Don't Give Federal Cops E-Mail Keys

Article excerpt

Like the ghoulish cryptkeeper in the TV series Tales From the Crypt, the Clinton administration's flawed cryptography policy refuses to die. Recently, though, the administration has attempted to mandate its policy by fiat. When Congress returns early next year, overturning this bad decision should be the first order of business.

Administration sources have said the president likely will sign an executive order jump-starting the administration's new encryption policy over the strenuous objections of the computer industry and Congress.

U.S. companies only can export programs with "40-bit" key lengths. A "key" is used to close or open, encrypt or decrypt digital data. The longer the key, the better. Think of Passwords. A snooper would have an easier time breaking into your computer or reading your E-mail if the password were "Tom" than if the password were all the letters in the "Star-Spangled Banner" strung together.

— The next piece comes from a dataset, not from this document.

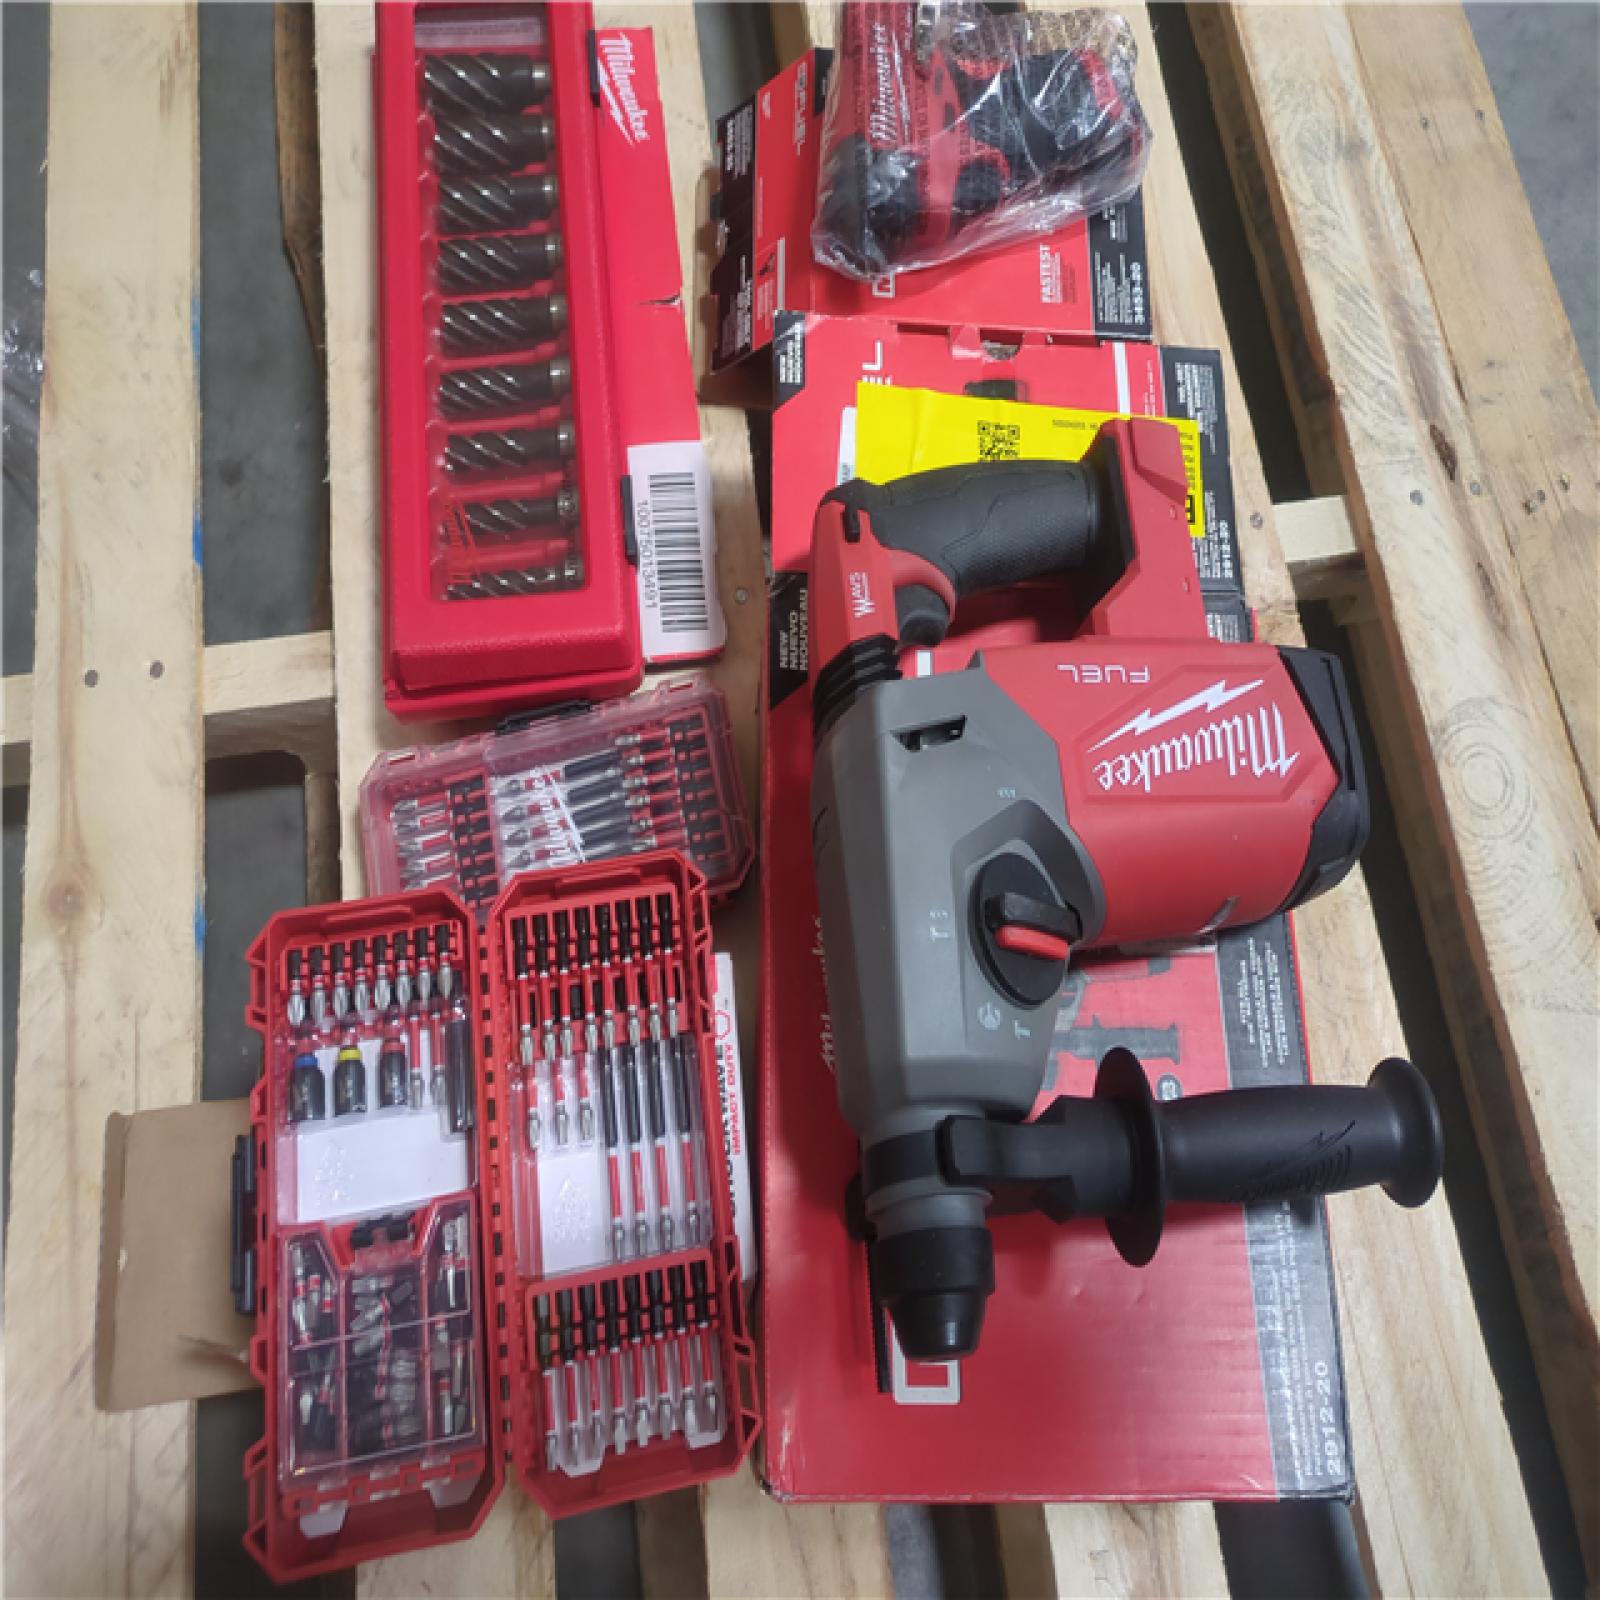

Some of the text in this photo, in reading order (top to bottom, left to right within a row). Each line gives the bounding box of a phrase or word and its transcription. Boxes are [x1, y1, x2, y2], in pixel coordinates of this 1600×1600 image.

The administration's plan allows a company to export "56-bit" key-length software for two years, provided that the company is approved by the Commerce and Justice departments. The company must tell Commerce its plan to implement "key recovery" in its products so that the FBI and other law-enforcement agencies win be able to decode the information.

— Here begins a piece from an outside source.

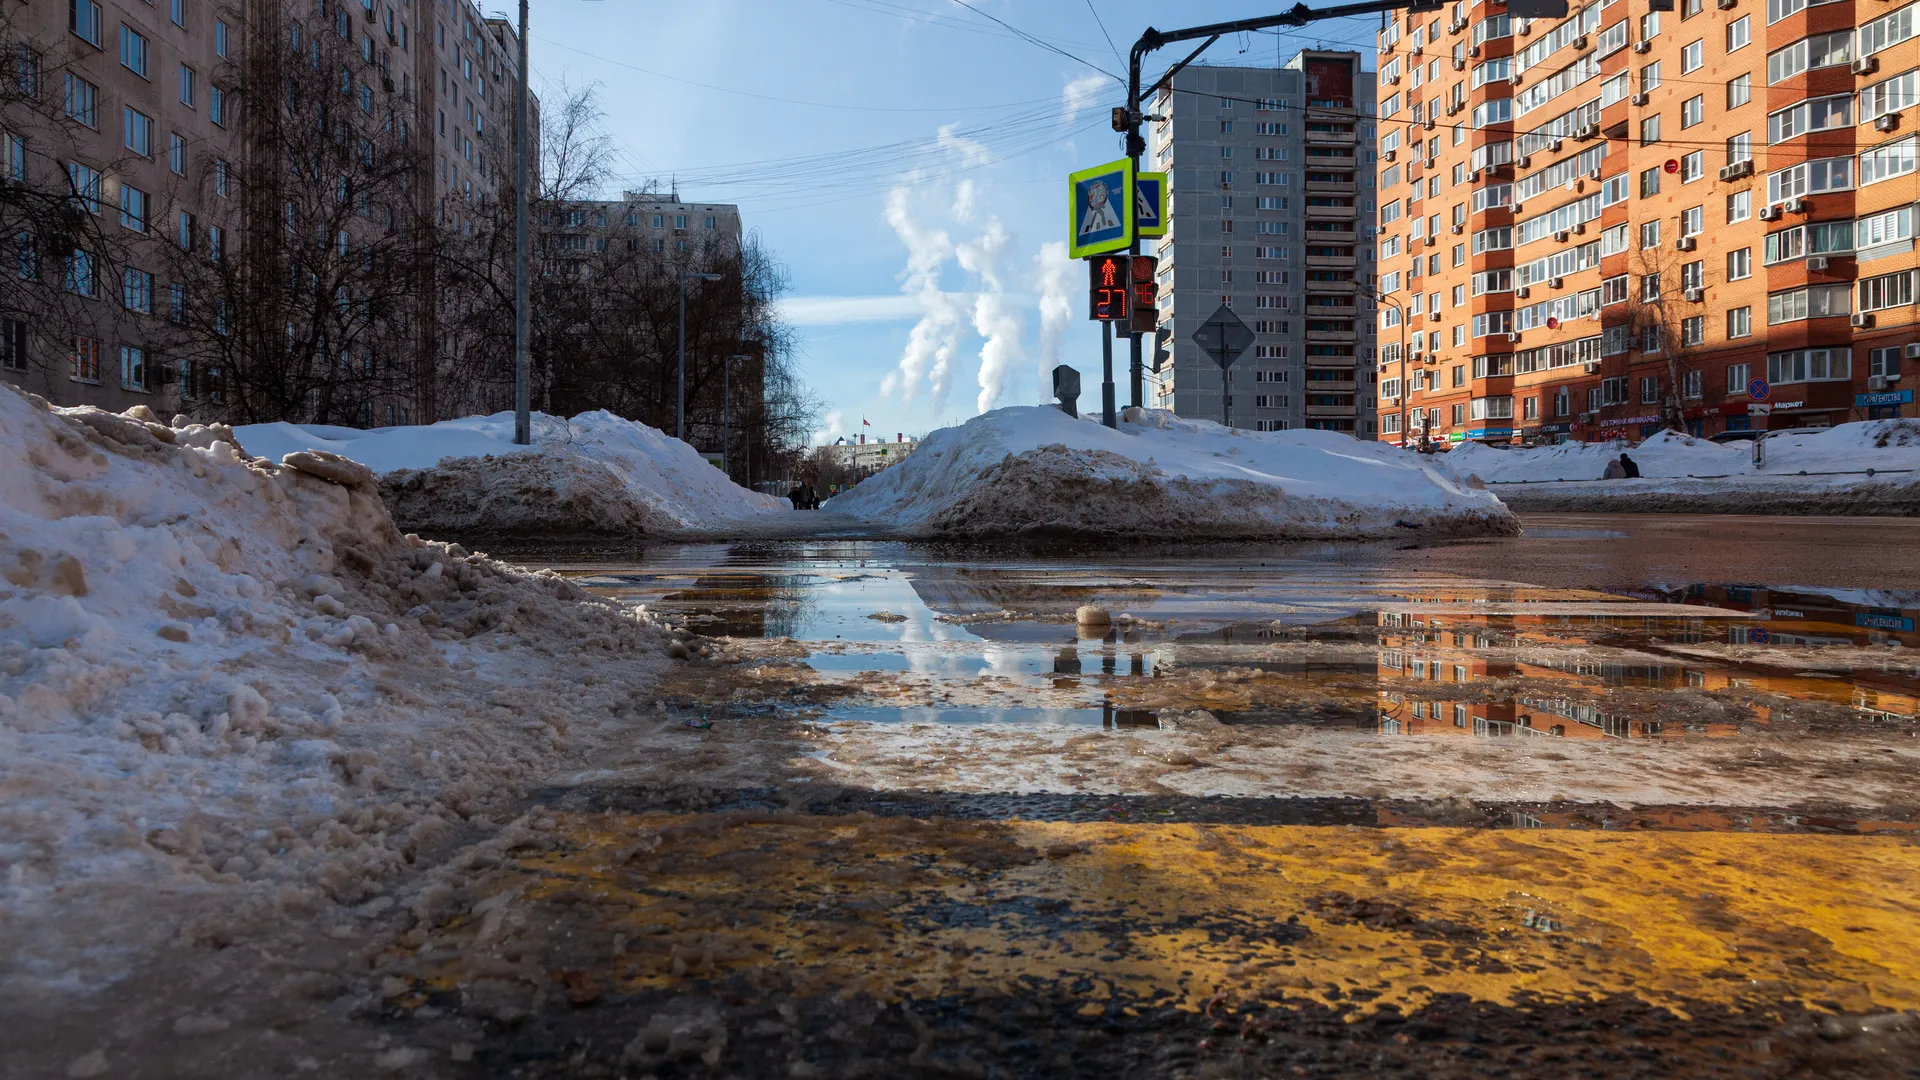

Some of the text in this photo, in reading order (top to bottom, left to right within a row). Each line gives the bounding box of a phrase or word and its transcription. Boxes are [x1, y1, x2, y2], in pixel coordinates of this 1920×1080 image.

[1097, 289, 1125, 318] 27
[1134, 283, 1153, 304] 46
[1773, 401, 1804, 409] Маркет

Encryption is not just an issue for computer jocks: It is used in the manufacture of everything from World Wide Web browsers to cellular phones. As Internet commerce grows, more people will rely on encryption to protect personal data such as credit-card numbers.

This new initiative recalls the administrations previous efforts to push "snooper" technology: its campaign to have computer companies use the "Clipper" encryption chip (see Symposium, Oct. 24, 1994) - deemed safe by the government but cracked by hackers, elicited guffaws as well as grimaces from the industry.

What foreign individual, corporation or government will buy U.S. software if U.S. agencies can decrypt their data or read their Internet traffic? U.S. companies know that a key recovery system, even if it could be implemented effectively, puts them at a disadvantage worldwide.

The Business Software Alliance, a coalition of high-technology companies, says that more than 500 foreign-encryption programs are available from 21 countries, and more are being created every minute. Japanese companies such as Nippon Telephone and Telegraph - the world's largest telecommunications firm - are poised to take control of the worldwide market for digital cellular-phone encryption. …